Whether you owe taxes on your benefits and, if so, how much you owe are wonderful problems for people who love math, so it's a good idea to have a licensed tax preparer figure it out for you, or use the IRS' Free File program, which will make the computations for you.
Social Security beneficiaries should have received Form SSA-1099 in the mail by early January. The form reports the amount of benefits you received in 2012.
According to the IRS, these are the basic ways to determine whether you owe taxes on your Social Security money:
1. The amount of your income and your filing status affect whether you must pay taxes on your Social Security.
2. If Social Security was your only income in 2012, your benefits are probably not taxable. You also may not need to file a federal income tax return.
3. If you received income from other sources, then you may have to pay taxes on your benefits.

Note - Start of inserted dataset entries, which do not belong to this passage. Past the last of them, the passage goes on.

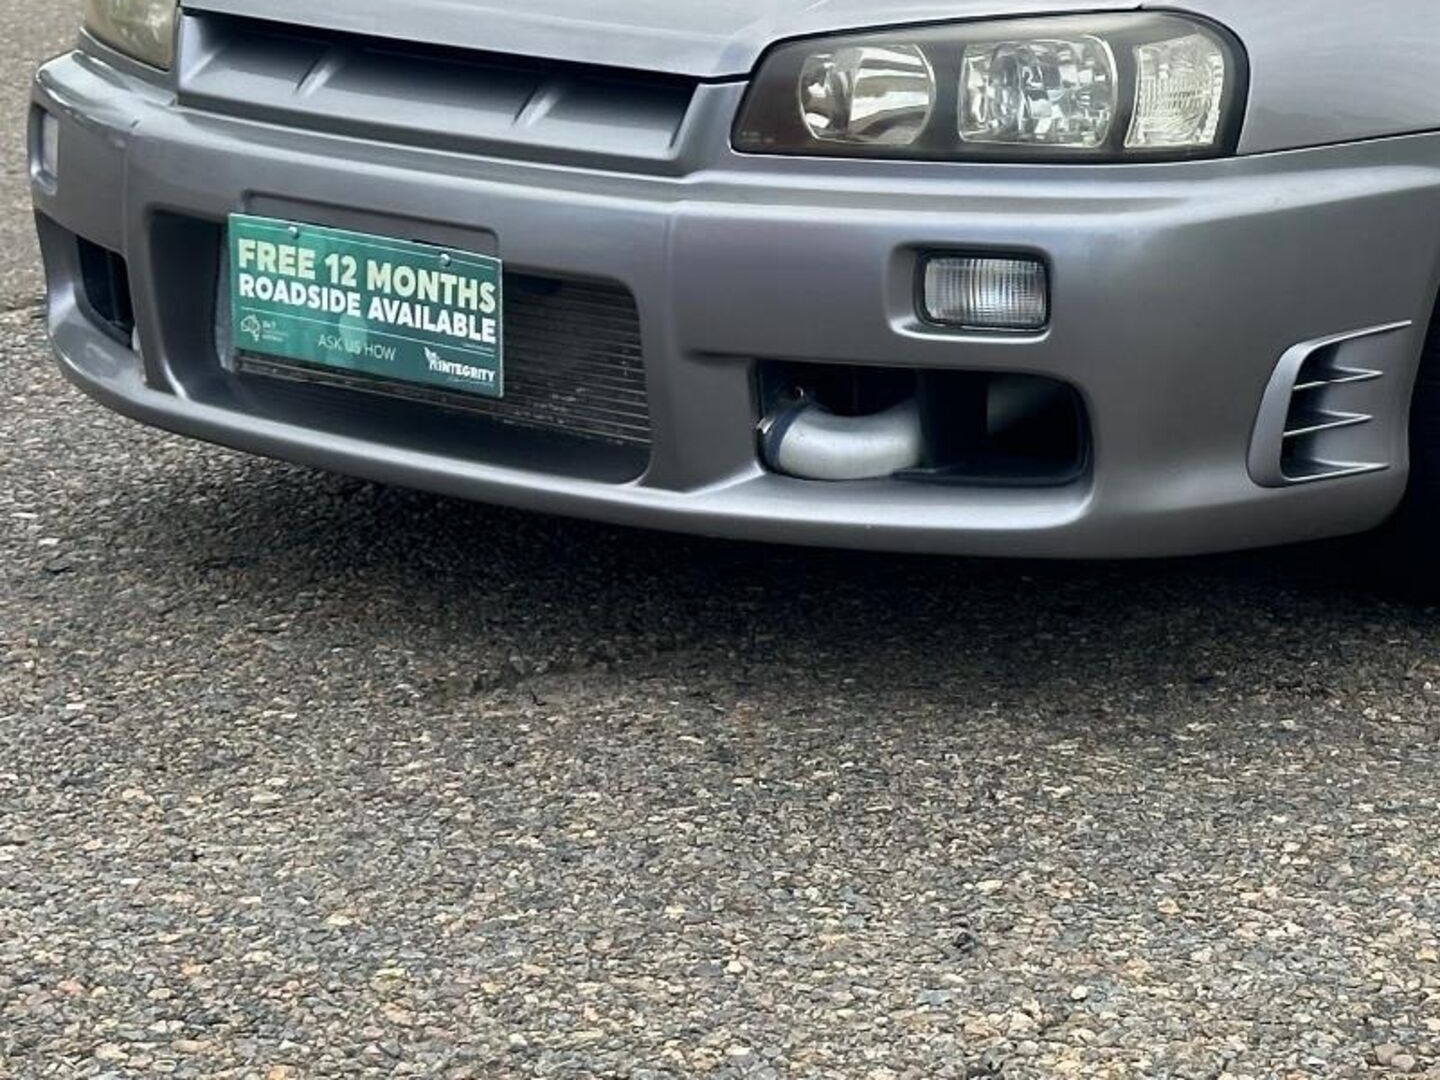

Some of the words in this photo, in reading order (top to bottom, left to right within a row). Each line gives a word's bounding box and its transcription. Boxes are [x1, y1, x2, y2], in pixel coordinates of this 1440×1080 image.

[238, 238, 316, 280] FREE
[325, 253, 357, 287] 12
[366, 260, 496, 313] MONTHS
[238, 273, 361, 317] ROADSIDE
[368, 296, 496, 344] AVAILABLE
[317, 334, 343, 352] ASK
[344, 339, 361, 355] US
[365, 344, 396, 361] HOW

4. You can follow these two quick steps to see if your benefits are taxable:
• Add one-half of the Social Security benefits you received to all your other income, including tax-exempt interest. Tax-exempt interest includes interest from state and municipal bonds.
• Next, compare this total to the ‘base amount’ for your filing status. If the total is more than your base amount, then some of your benefits may be taxable.
The base amount varies, depending on your filing status.
Your base is $25,000 is you are filing as single, head of household, qualifying widow or widower with a dependent child or married individuals filing separately who did not live with their spouse at any time during the year.
Your base is $32,000 if you and your spouse are married and filing jointly.
Your base is zero if you are married filing separately and lived with your spouse at any time during 2012.
You can find detailed information about the taxation of Social Security benefits by downloading IRS Publication 915.